- _Task directions_
Could you return each entry below exactly as written, minus any pictures?
Information given START
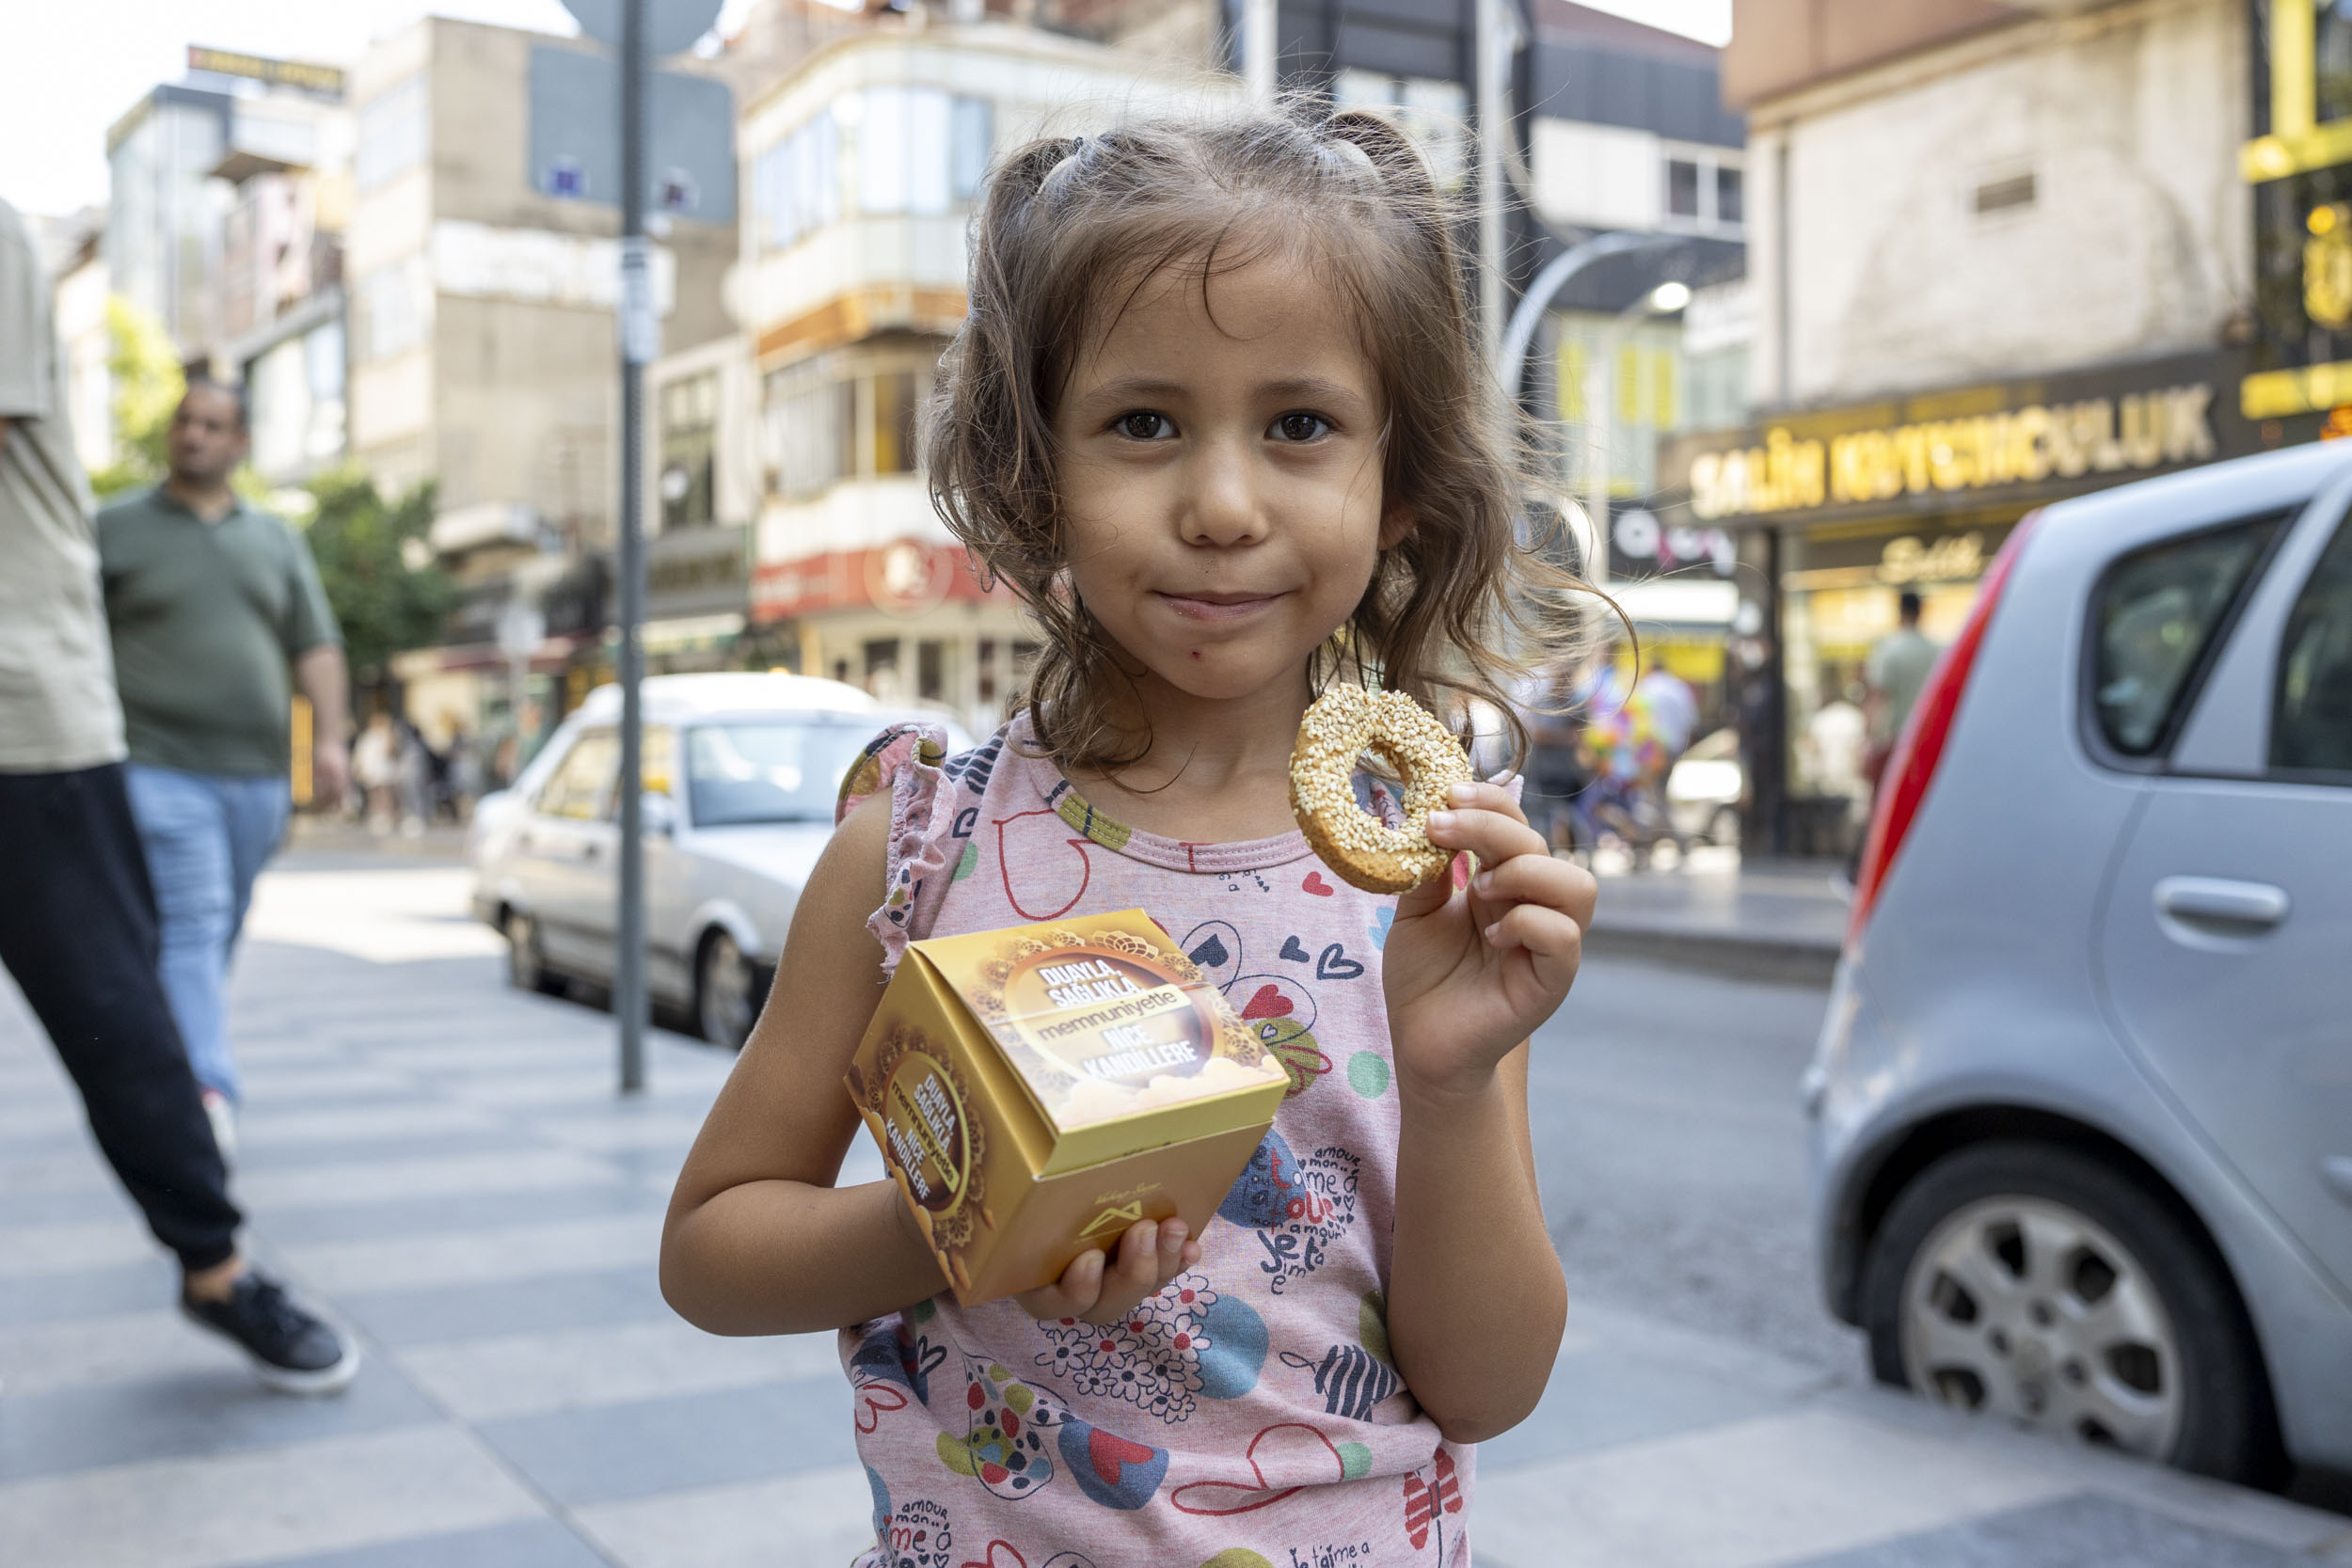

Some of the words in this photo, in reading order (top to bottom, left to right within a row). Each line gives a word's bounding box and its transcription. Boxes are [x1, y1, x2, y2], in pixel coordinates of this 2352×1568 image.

[1039, 959, 1122, 986] DUAYLA,
[1038, 990, 1177, 1040] memnuniyetle
[1102, 1024, 1154, 1050] NİCE
[925, 1073, 956, 1135] DUAYLA,
[892, 1082, 954, 1182] memnuniyetle
[906, 1129, 926, 1165] NİCE
Information given END
- _Worked solution_
Some of the words in this photo, in reading order (top to bottom, left to right within a row). Each line gives a word's bounding box and its transcription. Boxes are [x1, y1, x2, y2], in pixel coordinates of this 2352×1568 image.

[1039, 959, 1122, 986] DUAYLA,
[1038, 990, 1177, 1040] memnuniyetle
[1102, 1024, 1154, 1050] NİCE
[925, 1073, 956, 1135] DUAYLA,
[892, 1082, 954, 1182] memnuniyetle
[906, 1129, 926, 1165] NİCE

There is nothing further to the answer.